Mirror of Justice

A blog dedicated to the development of Catholic legal theory.
Affiliated with the Program on Church, State & Society at Notre Dame Law School.

Friday, May 22, 2015

A challenging premise, human dignity, and "reasoned moral response"

"The premise is that there is a spark of humanity in everyone that is ultimately more defining than whatever delusions, depression, and negative emotions culminated in the act of murder." 

But there is also this: "Clarke saved his life at the expense of his dignity. Kaczynski was furious, and remains so."

And this:

In death-penalty cases, the jury is asked to make a "reasoned moral response" to evidence about the offense and the offender. In federal law, the process involves "weighing" aggravating and mitigating factors. Each juror is permitted to give any mitigating factor whatever weight that juror thinks it deserves. Jurors don't need to come to agreement about what is mitigating and what the mitigators are "worth." A single juror can prevent the unanimous verdict that is necessary to authorize the death penalty.

Now the odd thing: This "reasoned moral response" is given by jurors who already said they were willing to vote for death. Anyone against the death penalty is excluded.

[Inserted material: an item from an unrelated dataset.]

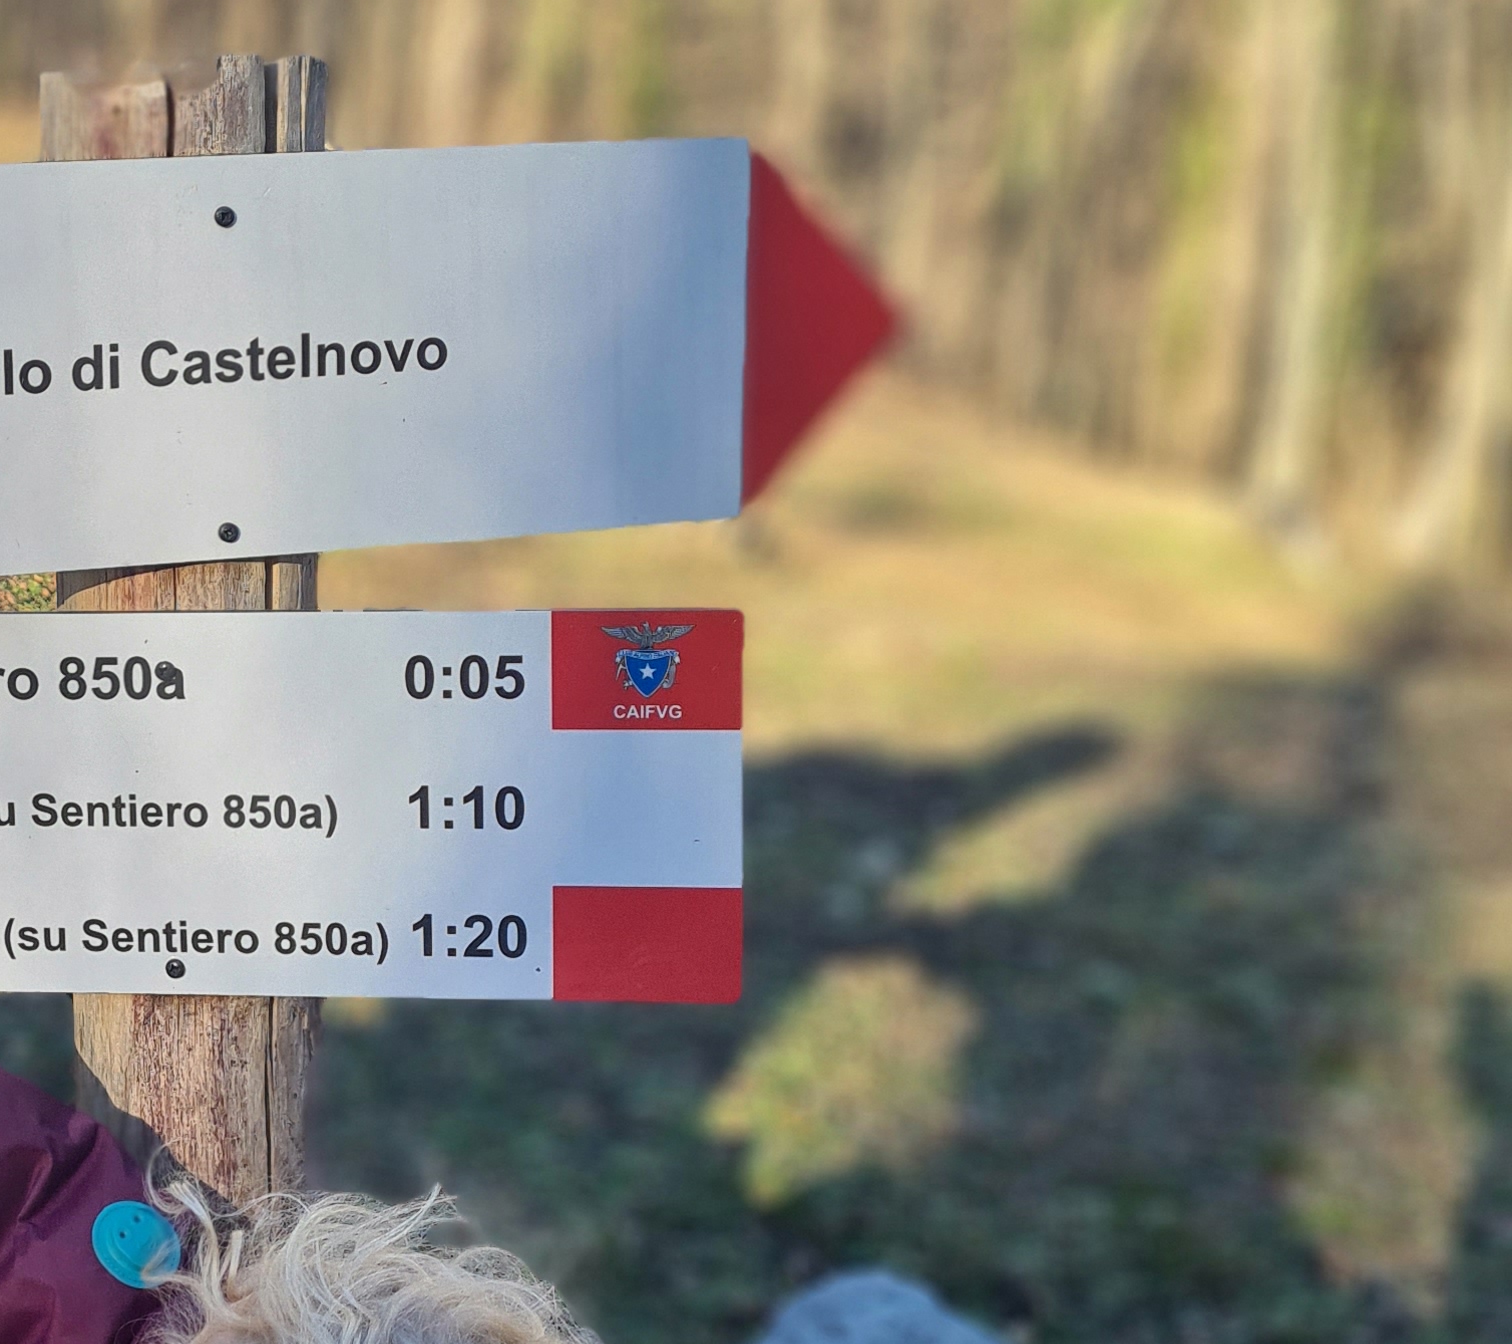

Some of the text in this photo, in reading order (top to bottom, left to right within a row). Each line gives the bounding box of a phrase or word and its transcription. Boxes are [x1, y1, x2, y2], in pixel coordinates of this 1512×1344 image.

Clarke's task is to create "reasoned moral response." It's not just a recitation of trauma but something more comparable to the work of a novelist. In Paradise Lost, the Devil is the most interesting character, famously. It's thought that Dostoyevsky's best work rose from a polemic waged against the hollow characters of Gogol, whose shells he stole and reinhabited from within, allowing the reader to get close enough so that when murder happens, we sympathize, not with the crime, but with the anguish of the character who committed it.